=== Begin Enclosure ===

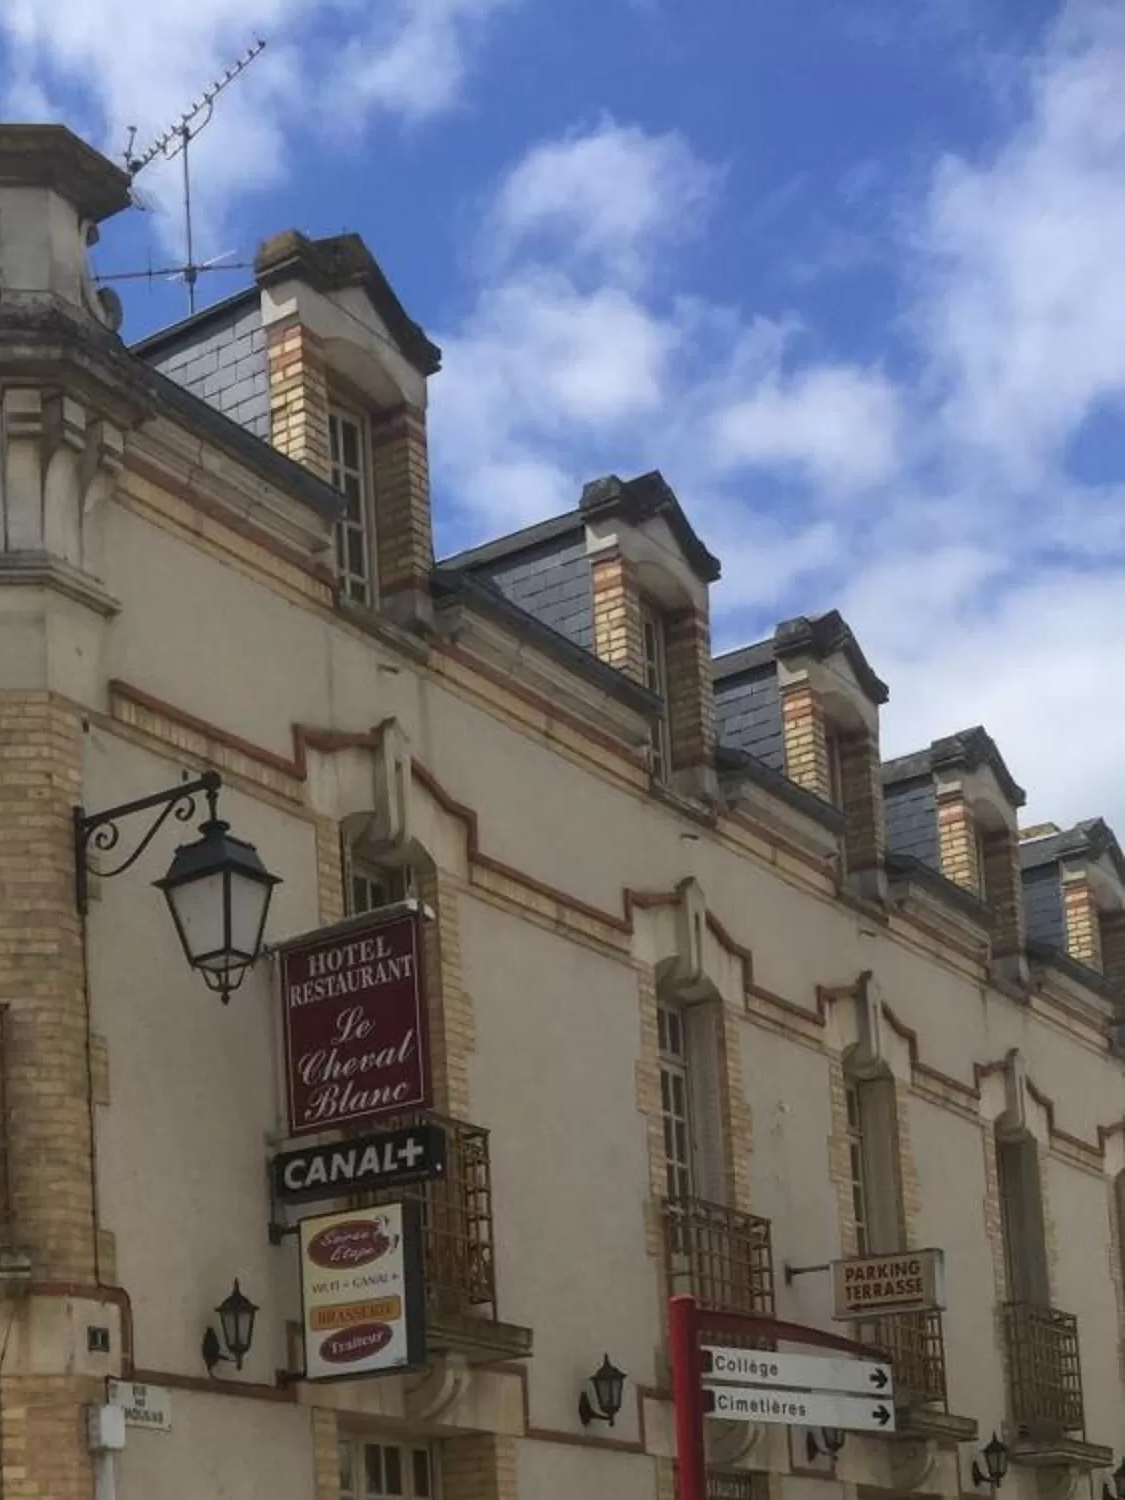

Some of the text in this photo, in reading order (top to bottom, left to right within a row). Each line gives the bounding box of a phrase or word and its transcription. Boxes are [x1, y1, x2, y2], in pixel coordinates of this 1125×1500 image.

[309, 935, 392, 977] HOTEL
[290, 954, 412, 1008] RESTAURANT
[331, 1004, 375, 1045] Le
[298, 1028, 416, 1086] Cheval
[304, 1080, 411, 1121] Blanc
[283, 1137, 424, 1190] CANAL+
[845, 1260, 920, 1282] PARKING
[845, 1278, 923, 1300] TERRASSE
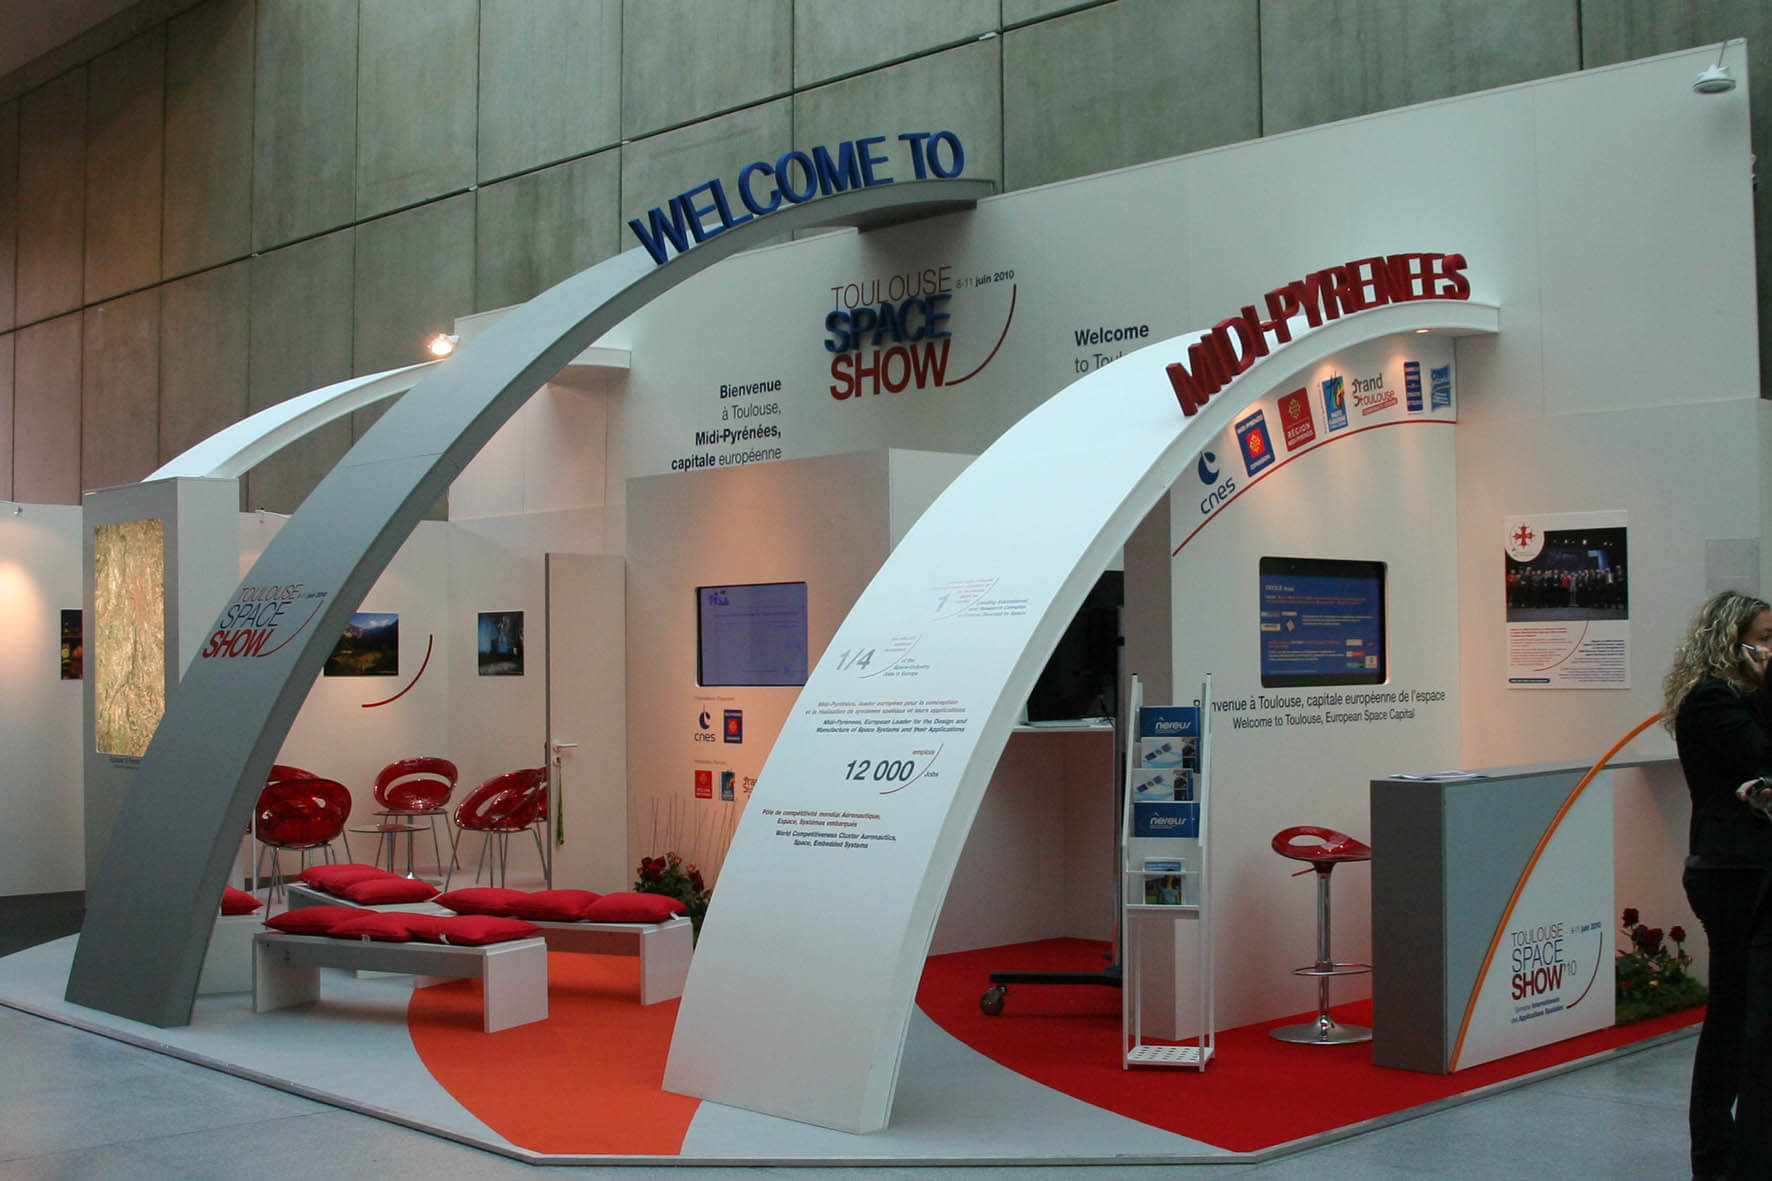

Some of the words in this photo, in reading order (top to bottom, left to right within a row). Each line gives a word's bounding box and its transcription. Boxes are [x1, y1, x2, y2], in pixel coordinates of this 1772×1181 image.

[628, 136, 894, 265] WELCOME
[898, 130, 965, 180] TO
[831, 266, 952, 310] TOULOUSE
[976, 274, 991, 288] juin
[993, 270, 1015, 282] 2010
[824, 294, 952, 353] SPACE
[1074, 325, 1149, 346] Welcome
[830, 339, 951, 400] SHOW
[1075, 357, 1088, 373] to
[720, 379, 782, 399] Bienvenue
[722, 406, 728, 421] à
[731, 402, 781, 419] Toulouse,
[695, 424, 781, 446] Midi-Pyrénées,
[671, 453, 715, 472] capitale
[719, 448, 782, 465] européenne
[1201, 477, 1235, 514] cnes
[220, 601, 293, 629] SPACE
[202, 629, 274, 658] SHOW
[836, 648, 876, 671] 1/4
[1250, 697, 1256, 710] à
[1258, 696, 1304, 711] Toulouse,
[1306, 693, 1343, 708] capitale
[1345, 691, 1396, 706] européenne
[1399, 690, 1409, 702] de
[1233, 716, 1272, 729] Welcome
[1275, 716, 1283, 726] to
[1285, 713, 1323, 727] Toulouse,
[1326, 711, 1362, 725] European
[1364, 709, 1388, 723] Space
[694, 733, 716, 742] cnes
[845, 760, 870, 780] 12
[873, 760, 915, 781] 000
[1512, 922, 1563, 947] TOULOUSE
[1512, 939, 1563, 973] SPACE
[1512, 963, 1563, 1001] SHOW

=== End Enclosure ===

▶ **Work to complete**: Print all entries exactly. The images do not belong in the copy.

▶ **Task result**:
Some of the text in this photo, in reading order (top to bottom, left to right within a row). Each line gives the bounding box of a phrase or word and its transcription. Boxes are [x1, y1, x2, y2], in pixel coordinates of this 1125×1500 image.

[309, 935, 392, 977] HOTEL
[290, 954, 412, 1008] RESTAURANT
[331, 1004, 375, 1045] Le
[298, 1028, 416, 1086] Cheval
[304, 1080, 411, 1121] Blanc
[283, 1137, 424, 1190] CANAL+
[845, 1260, 920, 1282] PARKING
[845, 1278, 923, 1300] TERRASSE

Some of the words in this photo, in reading order (top to bottom, left to right within a row). Each line gives a word's bounding box and its transcription. Boxes are [x1, y1, x2, y2], in pixel coordinates of this 1772×1181 image.

[628, 136, 894, 265] WELCOME
[898, 130, 965, 180] TO
[831, 266, 952, 310] TOULOUSE
[976, 274, 991, 288] juin
[993, 270, 1015, 282] 2010
[824, 294, 952, 353] SPACE
[1074, 325, 1149, 346] Welcome
[830, 339, 951, 400] SHOW
[1075, 357, 1088, 373] to
[720, 379, 782, 399] Bienvenue
[722, 406, 728, 421] à
[731, 402, 781, 419] Toulouse,
[695, 424, 781, 446] Midi-Pyrénées,
[671, 453, 715, 472] capitale
[719, 448, 782, 465] européenne
[1201, 477, 1235, 514] cnes
[220, 601, 293, 629] SPACE
[202, 629, 274, 658] SHOW
[836, 648, 876, 671] 1/4
[1250, 697, 1256, 710] à
[1258, 696, 1304, 711] Toulouse,
[1306, 693, 1343, 708] capitale
[1345, 691, 1396, 706] européenne
[1399, 690, 1409, 702] de
[1233, 716, 1272, 729] Welcome
[1275, 716, 1283, 726] to
[1285, 713, 1323, 727] Toulouse,
[1326, 711, 1362, 725] European
[1364, 709, 1388, 723] Space
[694, 733, 716, 742] cnes
[845, 760, 870, 780] 12
[873, 760, 915, 781] 000
[1512, 922, 1563, 947] TOULOUSE
[1512, 939, 1563, 973] SPACE
[1512, 963, 1563, 1001] SHOW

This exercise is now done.